Dans « L’Énergie hors de prix », l’essayiste militant Aurélien Bernier livre une enquête éclairante sur la crise annoncée des énergies en Europe, et du fiasco coûteux qui en a résulté.

Dans son ouvrage « L’Énergie hors de prix », paru le 6 octobre dernier aux Éditions de l’Atelier, Aurélien Bernier, spécialiste des politiques environnementales et essayiste militant, se fait le conteur – engagé – de l’histoire d’une crise annoncée vers laquelle tout un continent, l’Europe, a marché avec entêtement depuis plus de deux décennies. Une crise qui a débouché sur une impasse, une flambée des prix de l’énergie inédite.

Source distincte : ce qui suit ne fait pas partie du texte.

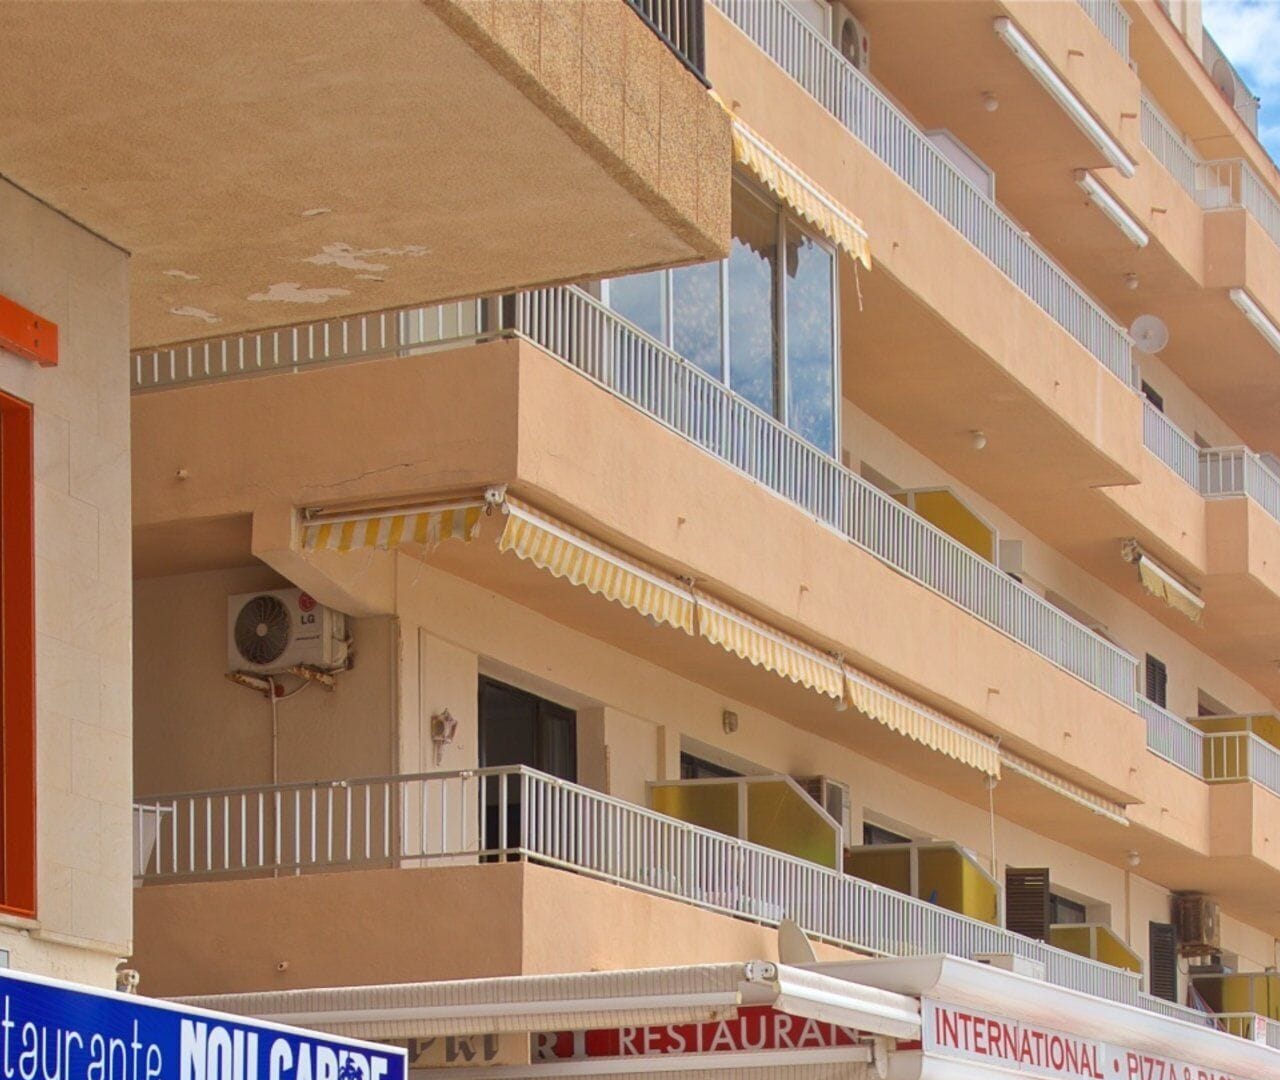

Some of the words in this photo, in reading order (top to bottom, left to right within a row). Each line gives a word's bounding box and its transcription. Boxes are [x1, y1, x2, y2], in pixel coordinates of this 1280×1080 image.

Simple, clair, presque romanesque dans sa forme, ce livre passionnant, en forme d’enquête, se révèle incontournable pour qui veut comprendre et… agir. L’auteur revient d’abord sur les étapes de la libéralisation du secteur de l’énergie à l’échelle européenne et ses conséquences sur le service public national. Puis, il s’attelle à analyser le « market design » de la régulation par le marché, c’est-à-dire les règles de fonctionnement de ce marché et la formation des prix de l’énergie en Bourse, énergie caractérisée par la très grande diversité de ses systèmes de production. Si l’on ajoute à cela la volatilité des coûts, les aléas climatiques, les contraintes de la décarbonation et les activités de spéculation des traders et des commercialisateurs, conclut l’ouvrage, les prix quittent la réalité pour batifoler dans les arcanes algorithmiques quotidiens des marchés.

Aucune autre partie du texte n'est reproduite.